Brooklyn Museum/Wikimedia Commons
Boundaries of the sacred can be physical, ritual, and psychological. Crossing these boundaries requires some form of action on the part of the devotee. Physical boundaries, such as gates, doors, and curtains, require that one physically cross from the ordinary to the sacred space by passing through them. Ritual boundaries, such as bowing and kneeling or washing with water prior to entering the sacred place or encountering the sacred object, have a performative role in preparing an individual or community to communicate with the divine. And psychological boundaries entail recognition that since one is encountering the sacred, one must be prepared emotionally and psychologically, which is usually accompanied by the need to purify oneself, say, through confession or repentance, before facing the sacred.

Allah made the Ka’ba [Qa’abah], the Sacred House, a means of support for men, as also the Sacred Months, the animals for offerings, and the garlands that mark them: that you may know that Allah has knowledge of what is in the heavens and on earth and that Allah is well-acquainted with all things.
Qur’an 5:97[2]

Fifth, religions employ sacred actions (rituals).
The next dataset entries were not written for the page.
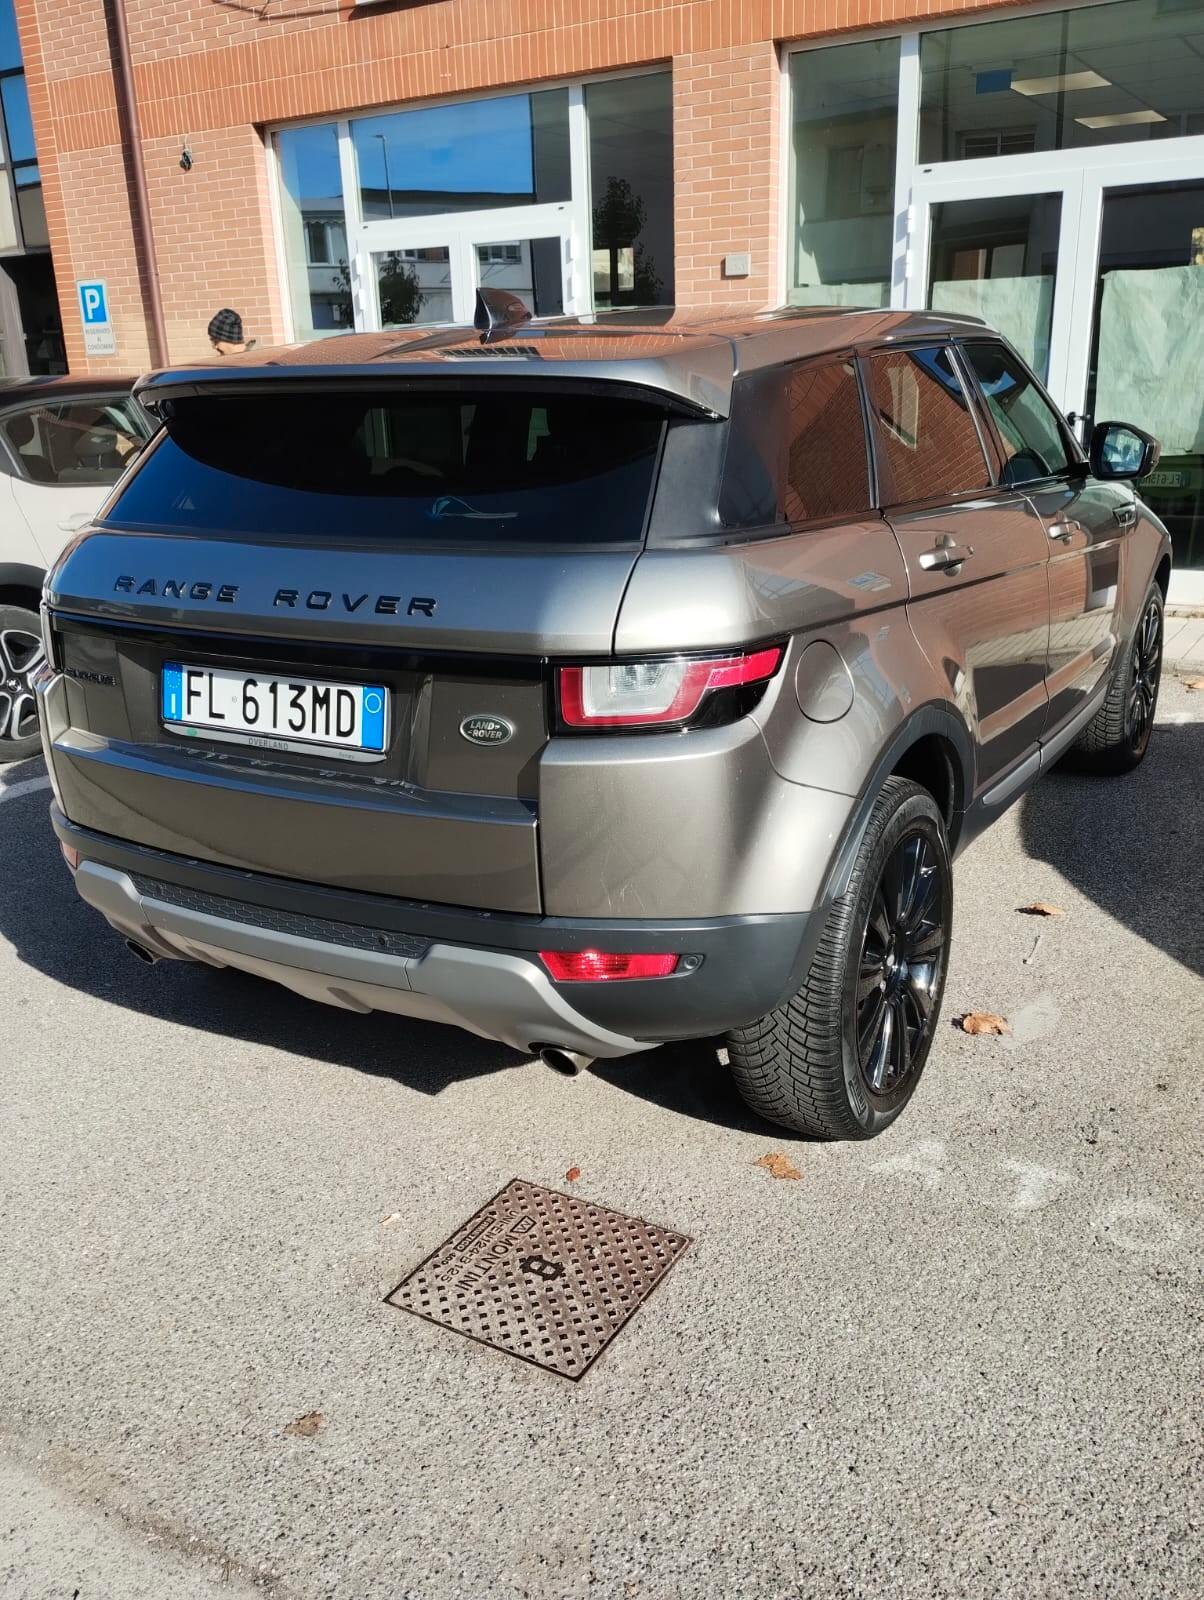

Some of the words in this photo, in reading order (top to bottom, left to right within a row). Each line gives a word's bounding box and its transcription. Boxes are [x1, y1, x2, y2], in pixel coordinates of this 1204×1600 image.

[84, 288, 101, 320] P
[113, 575, 241, 603] RANGE
[273, 588, 438, 617] ROVER
[187, 670, 225, 720] FL
[242, 678, 356, 738] 613MD
[470, 720, 495, 730] LAND
[472, 729, 503, 739] ROVER
[248, 737, 289, 751] OVERLAND
[454, 1233, 519, 1291] MONTINI
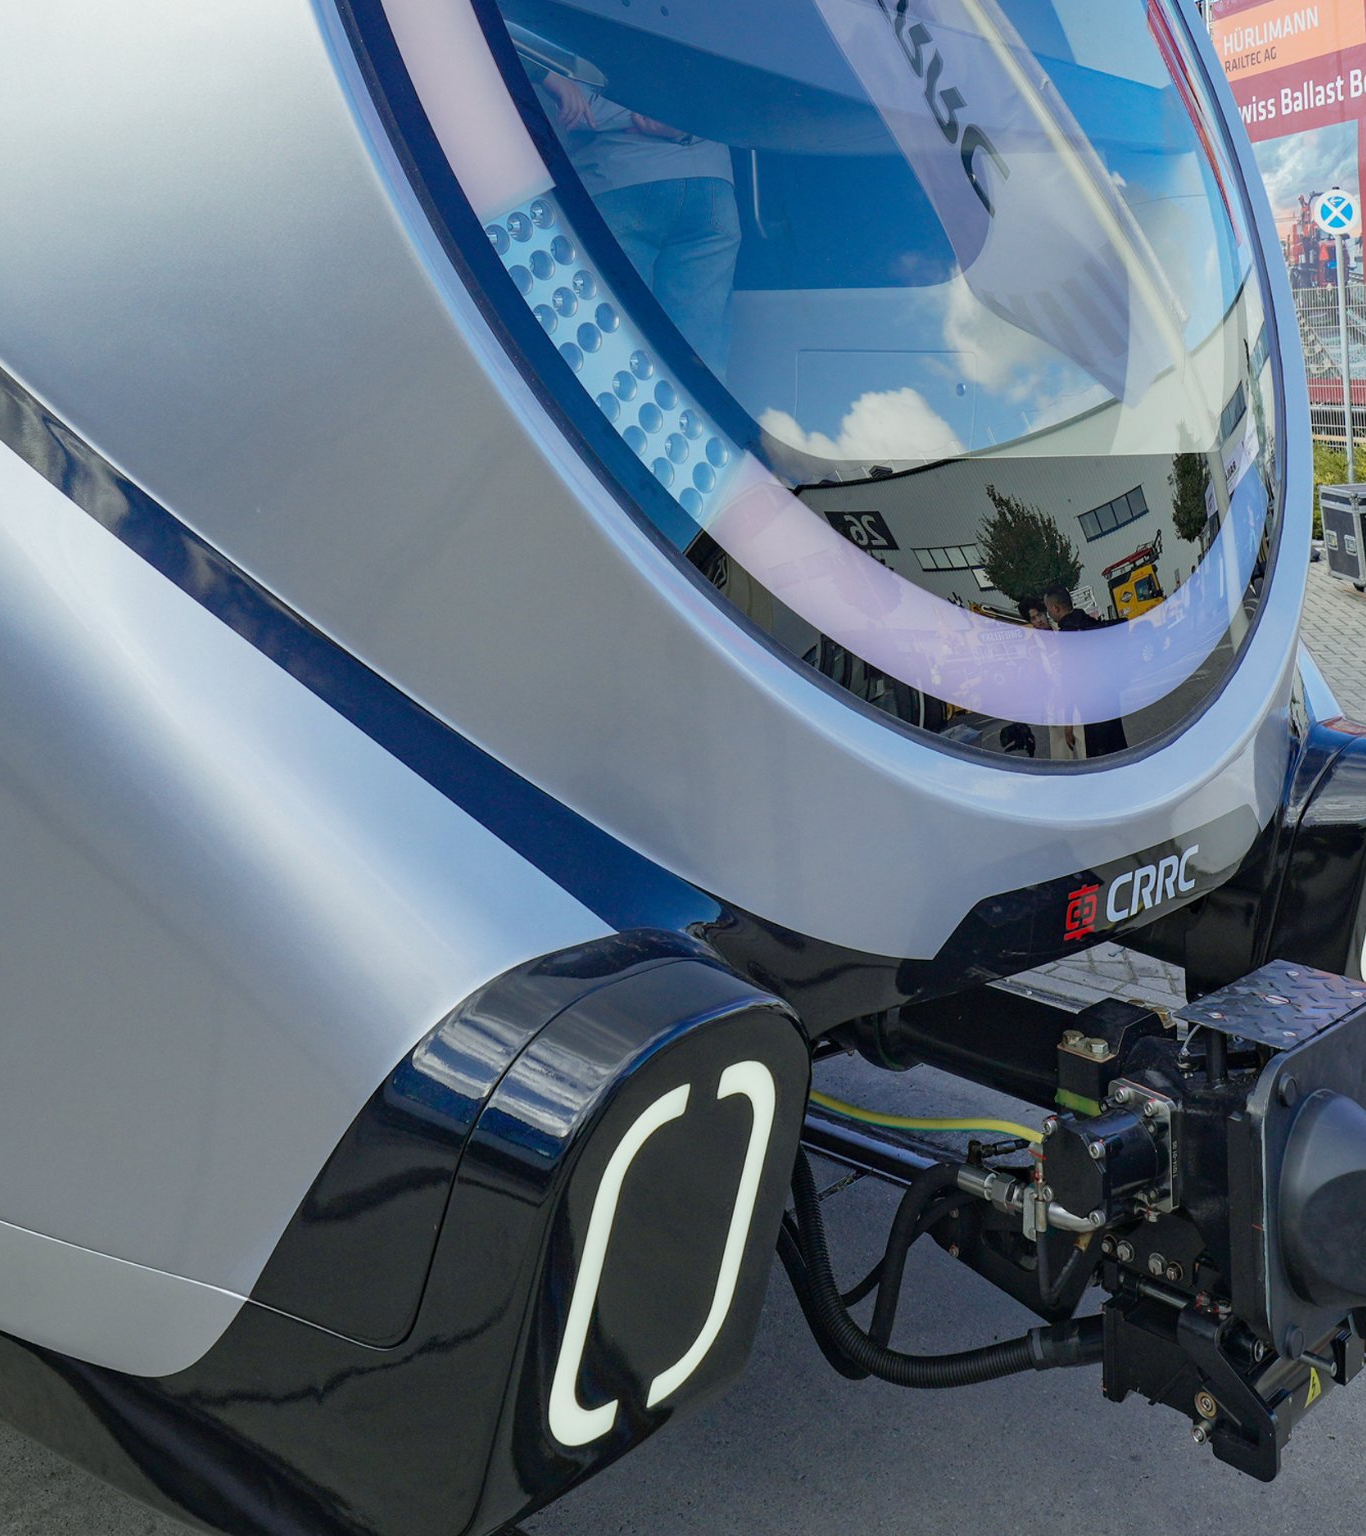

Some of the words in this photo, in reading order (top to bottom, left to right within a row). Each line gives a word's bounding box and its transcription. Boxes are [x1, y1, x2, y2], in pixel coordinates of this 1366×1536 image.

[1223, 5, 1320, 57] HÜRLIMANN
[1225, 50, 1262, 73] RAILTEC
[1264, 46, 1277, 62] AG
[1238, 95, 1276, 124] wiss
[1280, 75, 1345, 116] Ballast
[1106, 844, 1199, 923] CRRC
Human beings are ritual beings. So much of our lives is ritualistic, whether for sacred or communal ends, and we participate in ritual action in all sorts of ways. Ritual involves order and usually has a communicative function. Generally, rituals communicate something, either to a transcendent being or to other human beings. Rituals involve elements of order, routine, and a commonly accepted set of meanings, although specific rituals do not require universal acceptance. If you have traveled outside your own country or state, you quickly recognize that there are a host of ritual activities that need to be learned in order to avoid offending others. Ritual and culture are closely related. Moreover, ritual actions can be simple or complex, sacred or mundane. And they can involve stylized sayings or chanting, bowing, kneeling, or sacrifices (e.g., of animals, vegetables, money).
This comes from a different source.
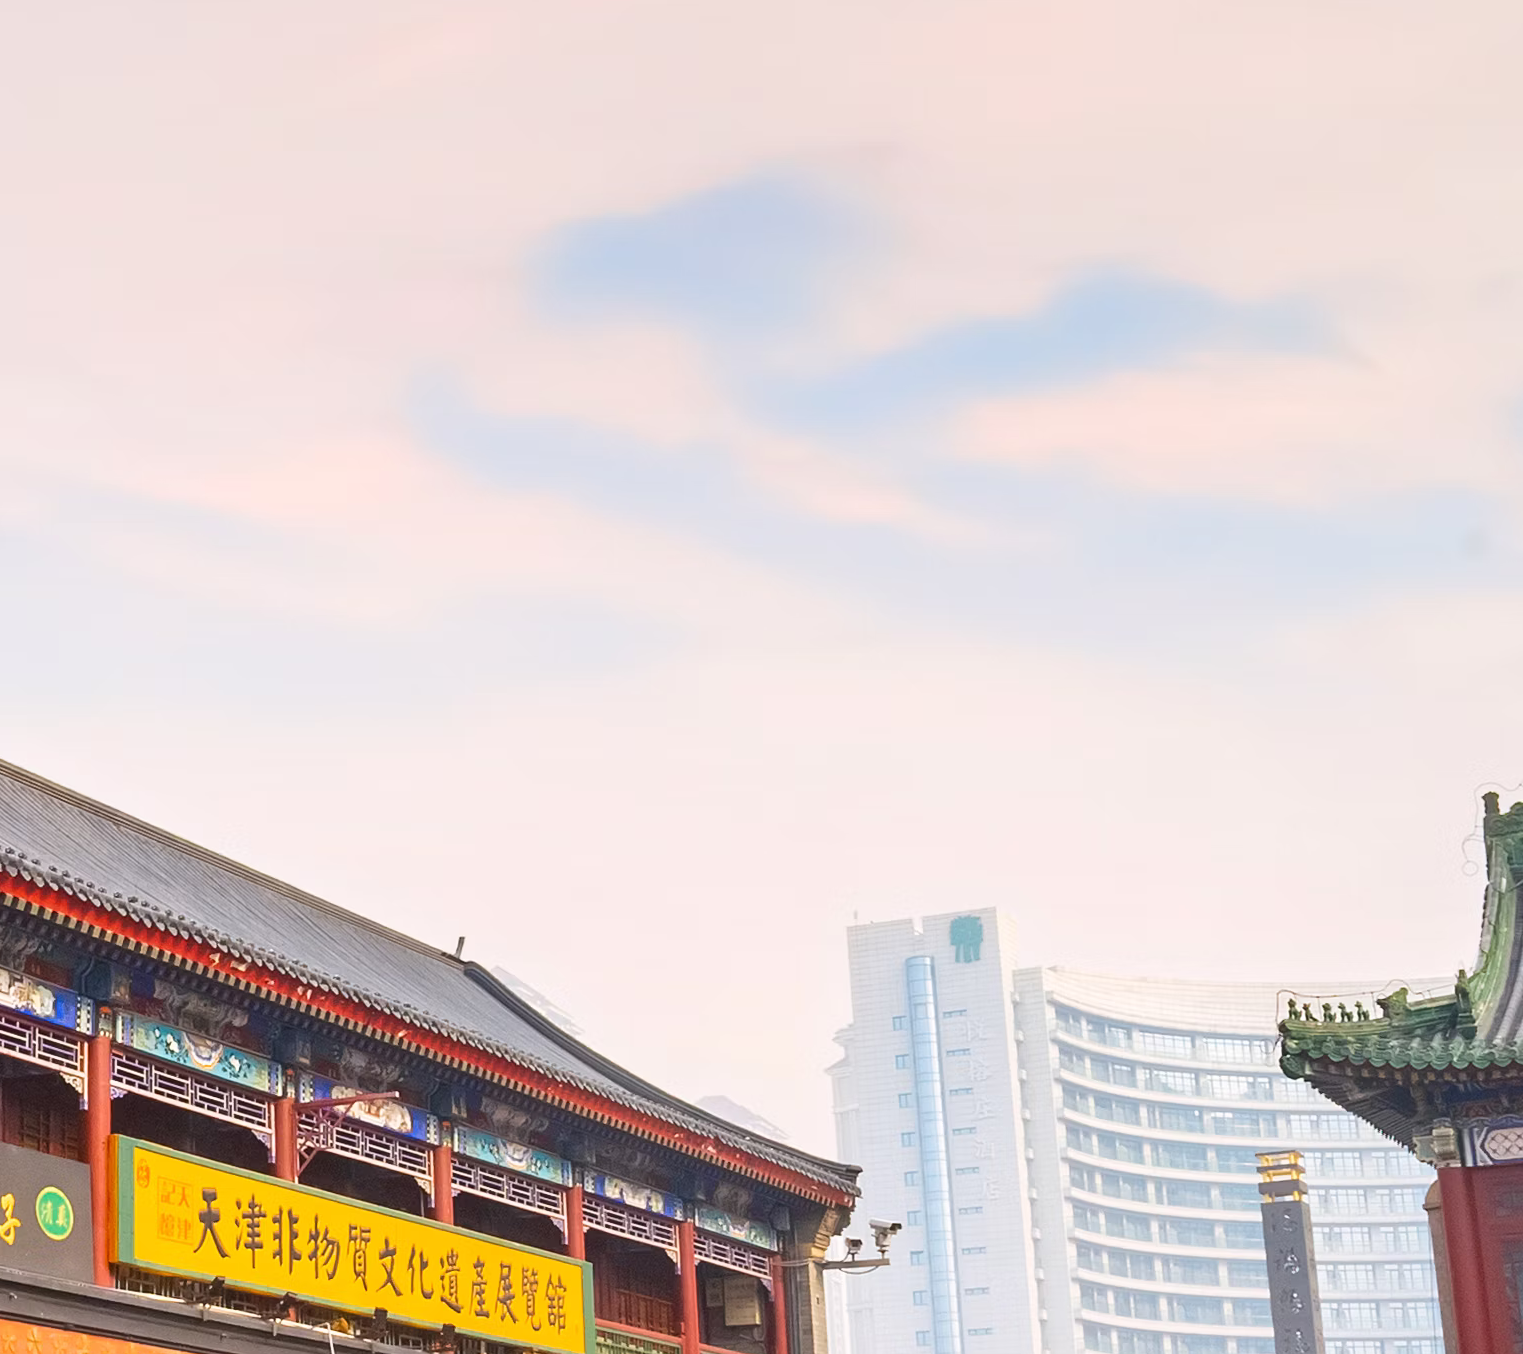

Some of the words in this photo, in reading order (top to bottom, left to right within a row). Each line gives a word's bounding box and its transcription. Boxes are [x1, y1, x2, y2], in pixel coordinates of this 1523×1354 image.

[194, 1188, 568, 1336] 天津非物質文化遺產展覽館
Since sickness is the action of spirit, therapeutic action is sacramental. The sickness is only a symptom of the spiritual condition of the person, which is the underlying cause of the crisis, and it can only be cured by expiation—sacrifice—for the sin which has brought it about. This, then is a further characteristic of sin. It causes physical misfortune, usually sickness, which is identified with it, so that the healing of the sickness is felt to be also the wiping out of the sin.
Evans-Pritchard, Nuer Religion, 192

Ritual action pervades all communities, whether modern or traditional, urban or rural. We engage in simple ritual behaviors in our daily lives. When we enter an elevator, how do we act and move, and what do we say or not say? After entering an elevator, we immediately turn around—it would not seem quite normal to enter the elevator and remain facing the rear of the elevator whe...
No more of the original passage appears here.